For Immediate Release
March 30, 2015
At the request of the U.S. Food and Drug Administration, a judge has ordered L.A. Star Seafood Company Inc., located in Los Angeles, and its owners, Sima and Sam Goldring, to halt operations until they demonstrate to the FDA that they can process food in compliance with food safety laws and regulations.
In 2012, at the FDA’s request, the company recalled some of its products due to potential contamination. In 2013, the FDA inspected the L.A. Star facility, and sent the company a warning letter detailing steps the company must take to comply with the Federal Food, Drug, and Cosmetic Act and Current Good Manufacturing Practice requirements. In 2014, another inspection of the L.A. Star facility documented the company and its owners’ continued failure to comply with the law.
“The FDA takes legal action to protect the public’s health when it is necessary,” said Melinda K. Plaisier, the FDA’s associate commissioner for regulatory affairs. “This consent decree represents an agreement between the FDA and L.A. Star to ensure that if and when they reopen for business, they will be producing food that meets food safety requirements.”
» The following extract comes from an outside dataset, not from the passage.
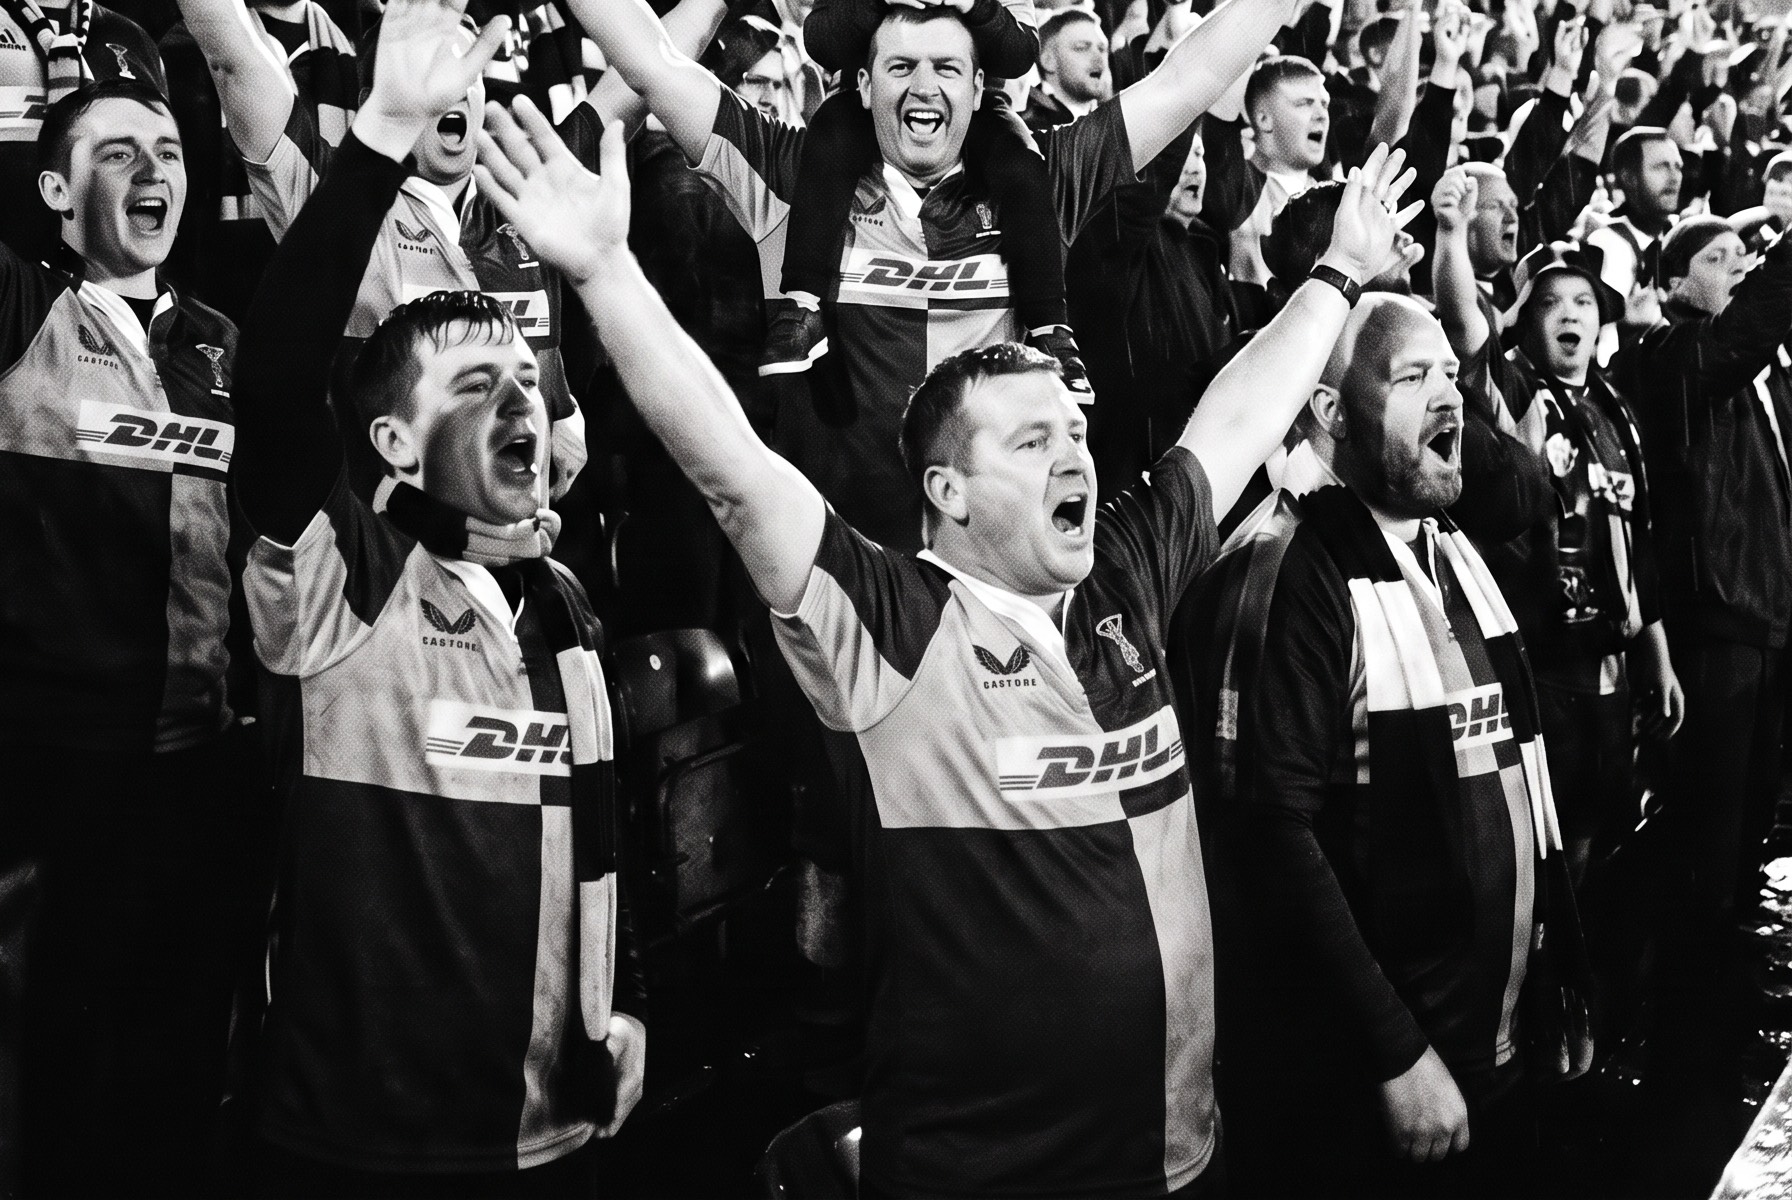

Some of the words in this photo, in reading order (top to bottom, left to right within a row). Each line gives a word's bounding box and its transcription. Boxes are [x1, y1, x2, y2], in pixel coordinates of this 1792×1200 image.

The consent decree of permanent injunction requires L.A. Star to control for the presence of Listeria monocytogenes (L. mono) and Clostridium botulinum (C. bot), two disease-causing bacteria. The consent decree also requires the company to devise and implement Hazard Analysis Critical Control Point plans and Sanitation Standard Operating Procedures, and train staff in both.
L. mono is a foodborne pathogen that can cause serious illness or even death in vulnerable groups such as newborns, elderly adults and those with impaired immune systems. C. bot, a bacterium that can grow in seafood products, causes botulism, which is rare, but can cause paralysis and death without prompt treatment. The purpose of food safety regulations is, in part, to prevent the growth and spread of L. mono, C. bot and other microorganisms that cause foodborne illness.
No illnesses have been reported to date in connection with L.A. Star Seafood Company, Inc. products. Consumers can report problems with FDA-regulated products to their district office consumer complaint coordinator.
The FDA, an agency within the U.S. Department of Health and Human Services, protects the public health by assuring the safety, effectiveness, and security of human and veterinary drugs, vaccines and other biological products for human use, and medical devices. The agency also is responsible for the safety and security of our nation's food supply, cosmetics, dietary supplements, products that give off electronic radiation, and for regulating tobacco products.